O governo não conseguia
se erguer dos escombros da crise. Do Cruzado II ao Plano Verão no final de seu
mandato em 1989, todos os planos lançados pela sua equipe econômica se
caracterizaram apenas como tentativas frustradas de driblar temporariamente a
crise e reconquistar a popularidade perdida.
Neste clima de
frustração política e econômica, logo após a derrocada do Cruzado, a
Assembléia Constituinte
que deveria definir as linhas da próxima Constituição já havia sido formada
para em cinco de outubro de 1988 promulgá-la no país.
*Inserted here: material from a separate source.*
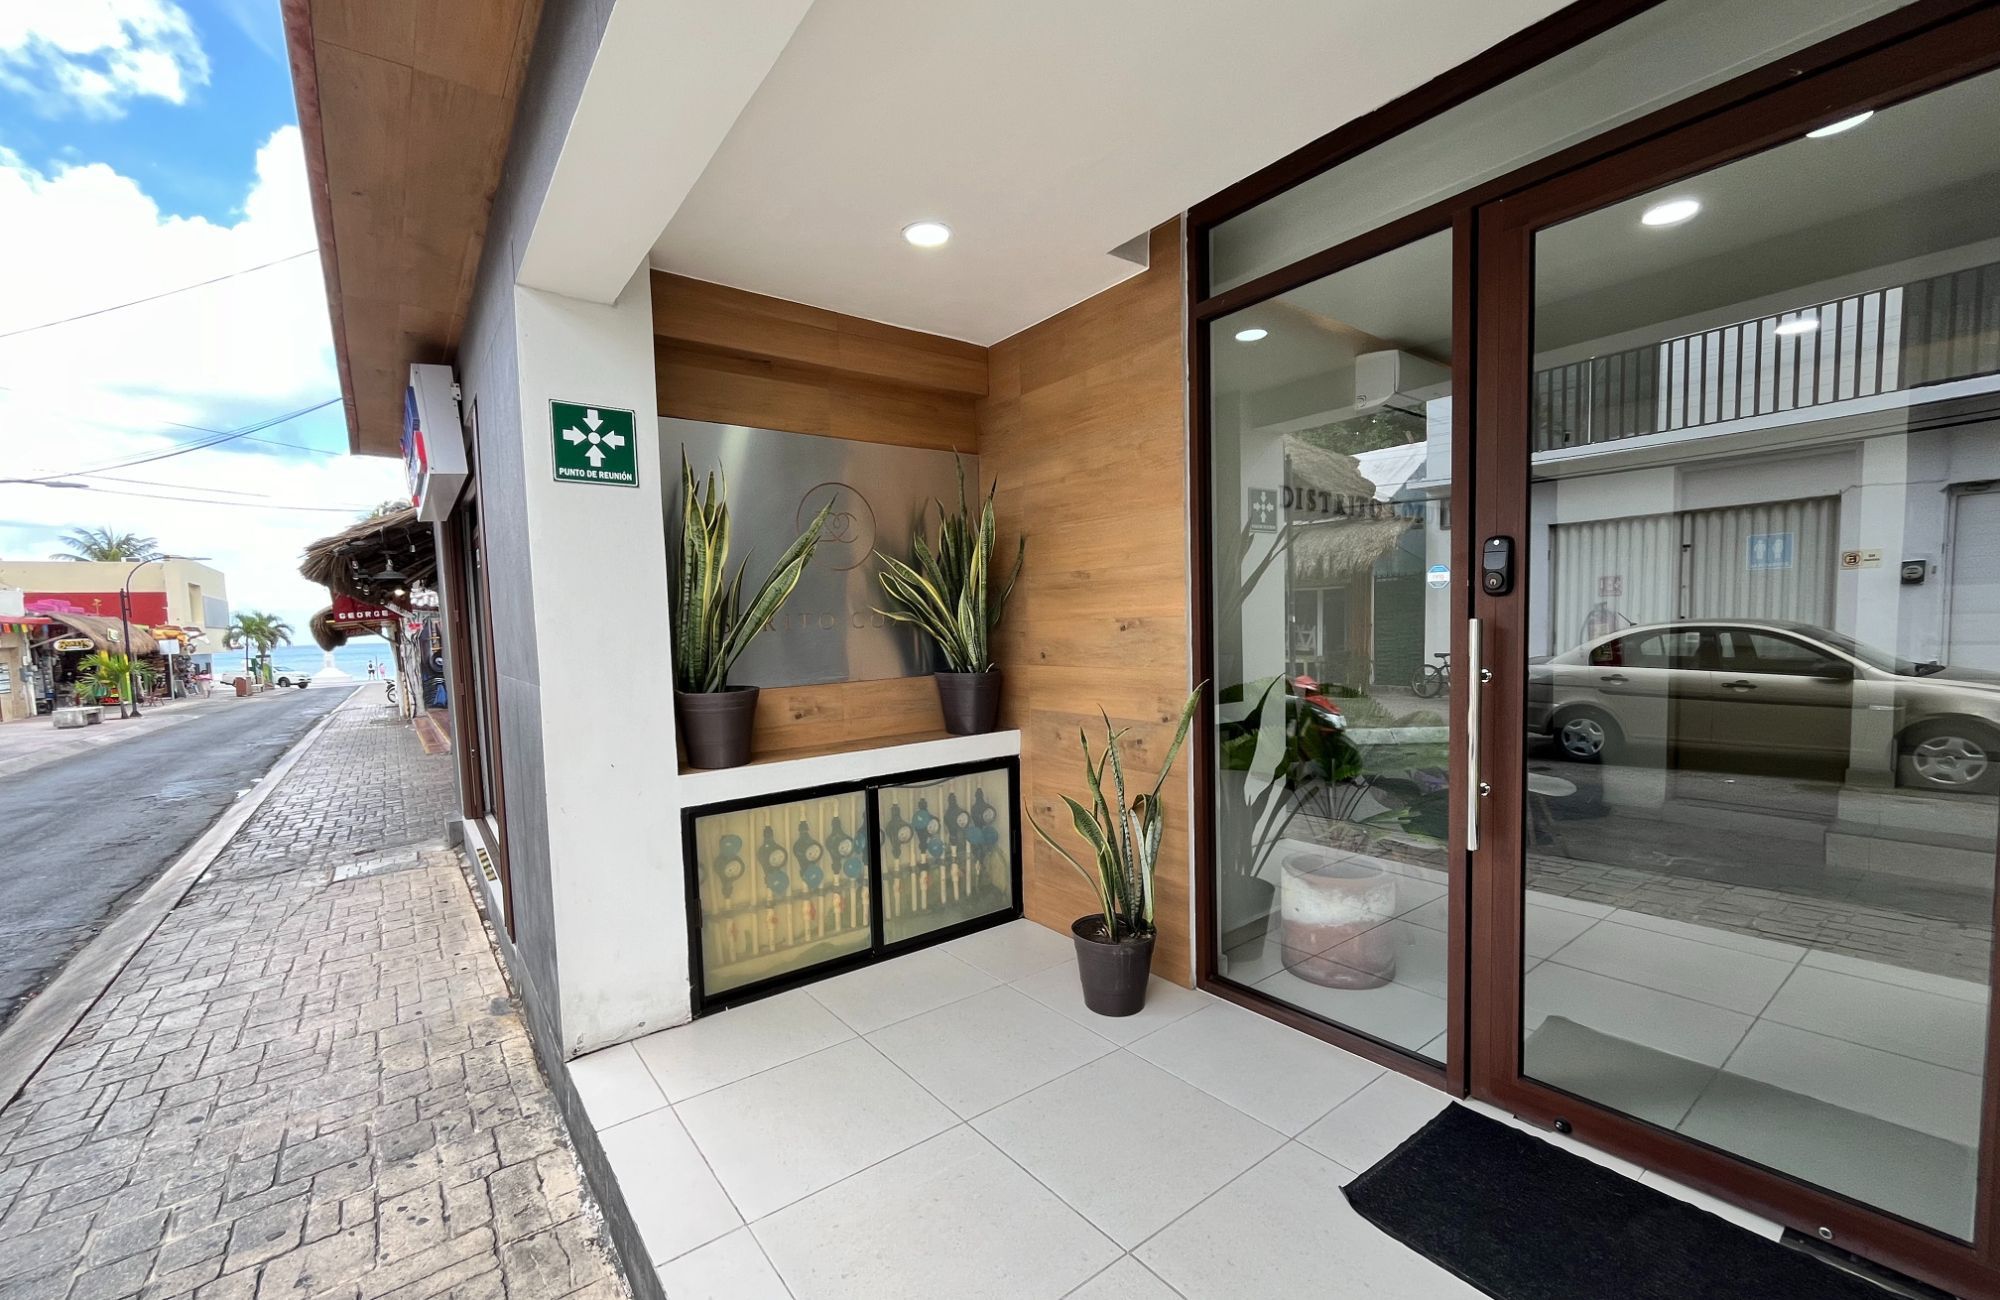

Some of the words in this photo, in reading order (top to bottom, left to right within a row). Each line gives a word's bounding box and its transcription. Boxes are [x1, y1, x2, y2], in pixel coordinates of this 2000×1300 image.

Apelidada de
“constituição cidadã”, esta carta magna trazia avanços significativos para as
leis brasileiras, conseguindo representar a luta de muitos setores sociais em
seu texto.
O reconhecimento do
direito de greve, o voto facultativo a partir dos 16 anos, a garantia das
eleições diretas para cargos políticos e o repúdio ao racismo inseridos na nova
Constituição são exemplos das expectativas traduzidas nas lutas de muitos
sujeitos sociais e finalmente conquistadas.
No mesmo clima,
inicia-se também a corrida política para a primeira eleição direta para
presidente pós-ditadura. As eleições presidenciais ocorreriam em 1989 e os
candidatos eram vários entre os quais, Ulisses Guimarães pelo PMDB. Esperava-se
que ele fosse o eleito “natural” do Brasil democrático pelo seu histórico na
campanha pelas diretas e na escrita da “Constituição Cidadã”, como ele próprio
apelidara. Porém, isso não ocorreu.
A sua ligação com o
governo Sarney a essa altura foi péssima para a sua candidatura perante a
maculada reputação política que este apresentava junto à população. Luís
Ignácio Lula da Silva, candidato pelo PT, contou com amplo apoio popular nesta
campanha, mas não foi páreo para o seu opositor no segundo turno. Fernando
Collor de Melo, candidato pelo PRN (Partido da Reconstrução Nacional), partido
oportunista fundado pouco antes do pleito, obteve o pleno apoio dos partidos
declaradamente de “direita”. Além disso, recebeu apoio incondicional de uma das
emissoras de televisão mais famosas do país - a Rede Globo. Cabe aqui a letra
de um trecho de uma canção da época a respeito de candidatos “pré-fabricados”
para aparentemente atender aos anseios populares, como no caso de Fernando
Collor:
O Eleito - Lobão
O palácio é o refúgio
mais que perfeito
Para os seus desejos
mais que secretos
Lá ele se imagina o
eleito
Sem nenhuma eleição por
perto
[...] Ele é o esperto,
ele é o perfeito
Ele é o que dá certo,
ele se acha o eleito
Seus ternos são bem
cortados
Seus versos são mal
escritos
Seus gestos são mal
estudados
A sua pose é militarista
Ele se acha o intocável
Senhor de todas as
cadeiras
Derruba tudo pra ficar
estável
Ele não está aí para
brincadeira
E o tempo passa quase
parado
E eu aqui sem a menor
paciência
Contando as horas como
se fossem trocados
Como se fossem contas de
uma penitência
E tudo parece estar
errado
Mas nesse caso o erro
deu certo
Foi o que ele disse a o
pé do rádio
Com a honestidade pelo
avesso
Definida com o fato de
que Fernando Collor de Mello a venceu legítima e democraticamente. Assim, a
eleição de 1989 deu fim ao processo de transição política iniciado em 1985.
A maioria da população
havia confiado o seu direito de votar à escolha do candidato do PRN, o que
depois traria arrependimento a muitos.
Somando a todas as
conturbações políticas da década de 80 ajudou a espalhar entre os sujeitos
sociais do período um questionamento da capacidade transformadora das ações
políticas voltadas diretamente contra as grandes estruturas.